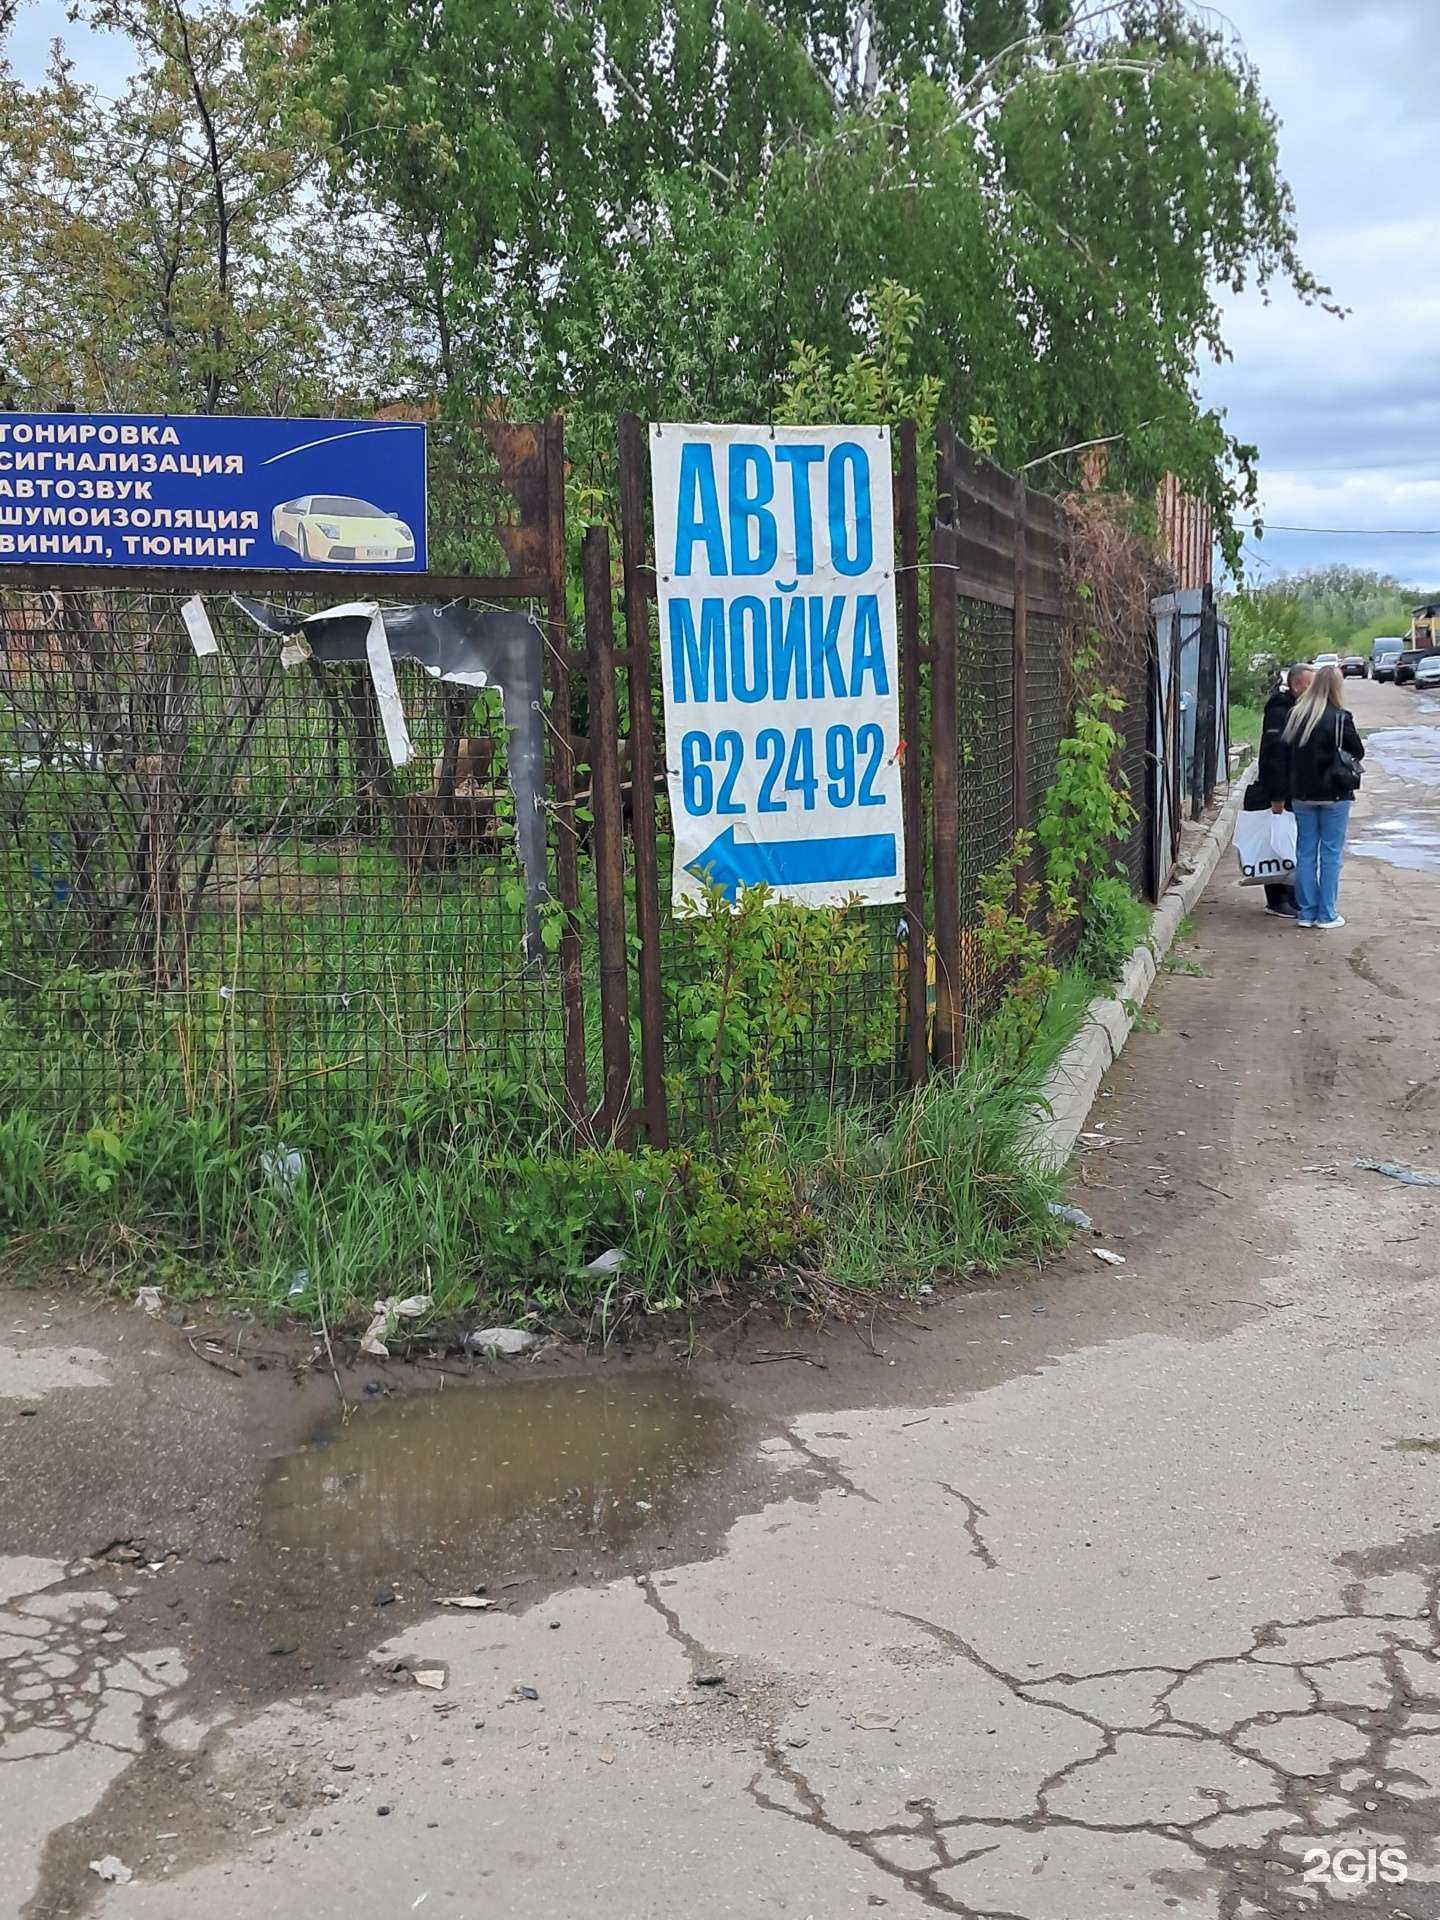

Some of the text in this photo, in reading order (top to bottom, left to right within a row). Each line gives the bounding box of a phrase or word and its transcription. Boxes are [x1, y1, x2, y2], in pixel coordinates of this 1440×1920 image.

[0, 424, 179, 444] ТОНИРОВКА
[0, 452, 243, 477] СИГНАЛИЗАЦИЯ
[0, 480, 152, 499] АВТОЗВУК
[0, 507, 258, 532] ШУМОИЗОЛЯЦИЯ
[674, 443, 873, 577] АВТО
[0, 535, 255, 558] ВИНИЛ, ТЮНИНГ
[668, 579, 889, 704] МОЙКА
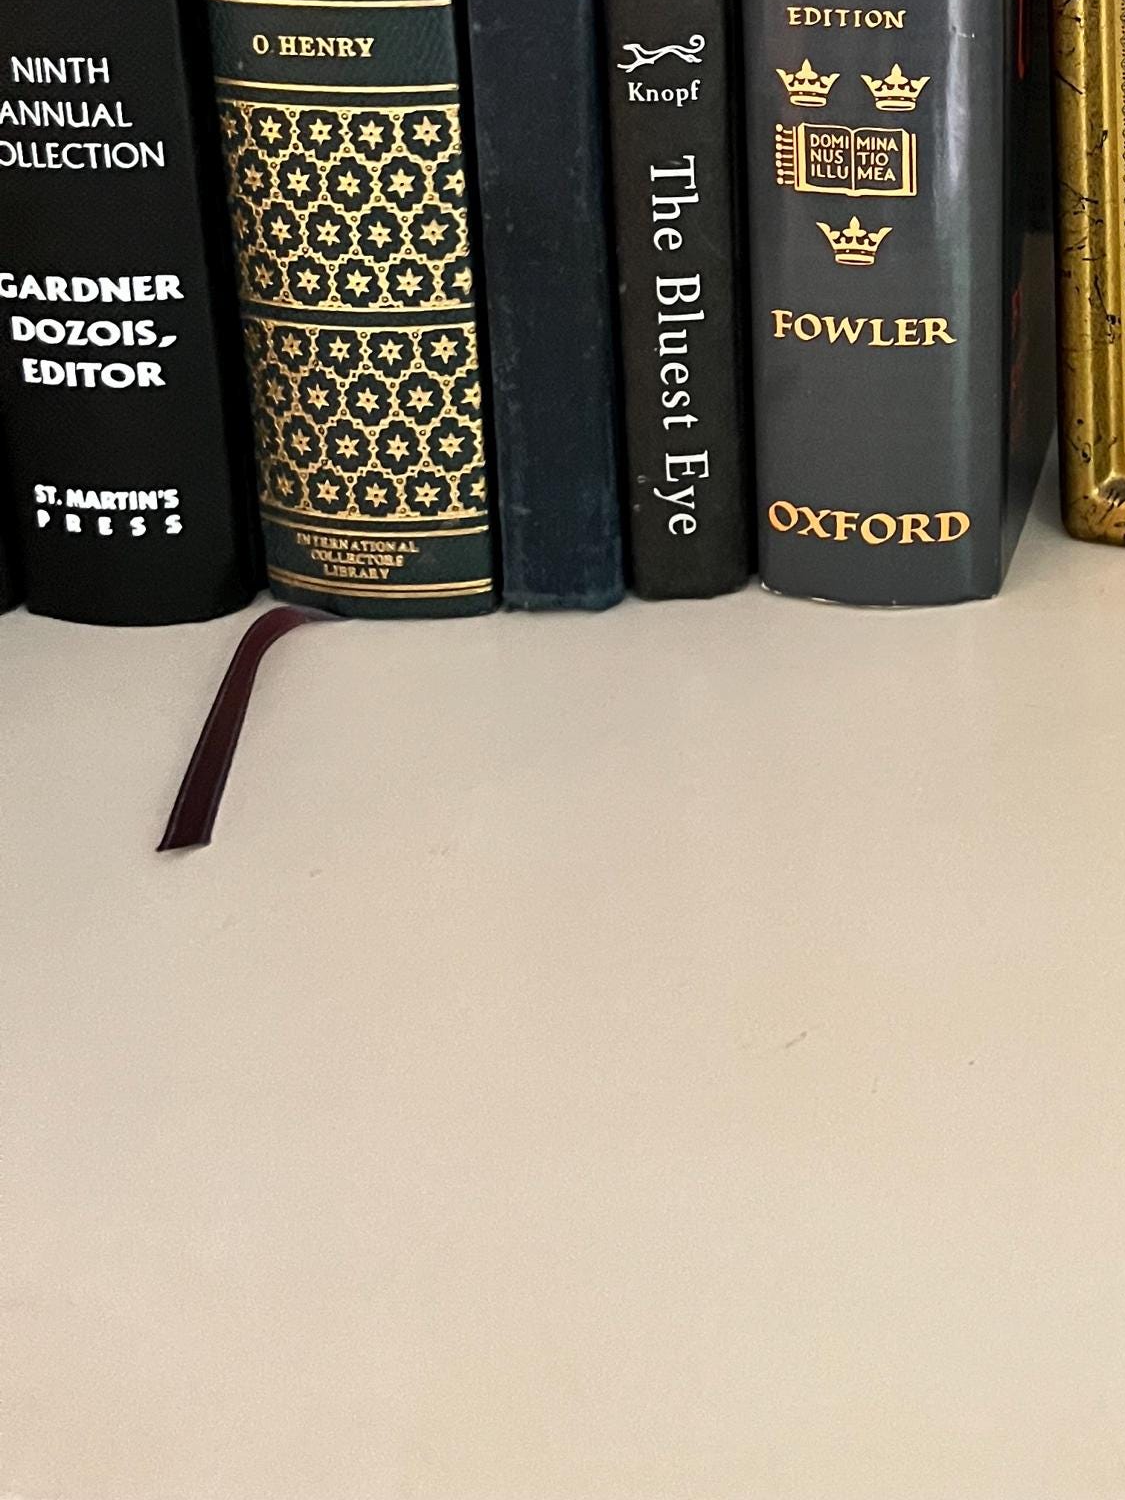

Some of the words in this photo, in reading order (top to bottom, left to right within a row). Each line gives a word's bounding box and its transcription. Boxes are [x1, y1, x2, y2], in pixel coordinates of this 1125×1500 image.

-------

■ **EXERCISE INSTRUCTIONS**:
Return each entry exactly as it stands above, apart from any images.

■ **RESPONSE**:
Some of the text in this photo, in reading order (top to bottom, left to right within a row). Each line gives the bounding box of a phrase or word and its transcription. Boxes are [x1, y1, x2, y2], in pixel coordinates of this 1440×1920 image.

[0, 424, 179, 444] ТОНИРОВКА
[0, 452, 243, 477] СИГНАЛИЗАЦИЯ
[0, 480, 152, 499] АВТОЗВУК
[0, 507, 258, 532] ШУМОИЗОЛЯЦИЯ
[674, 443, 873, 577] АВТО
[0, 535, 255, 558] ВИНИЛ, ТЮНИНГ
[668, 579, 889, 704] МОЙКА

Some of the words in this photo, in reading order (top to bottom, left to right within a row). Each line gives a word's bounding box and its transcription. Boxes are [x1, y1, x2, y2], in pixel coordinates of this 1125×1500 image.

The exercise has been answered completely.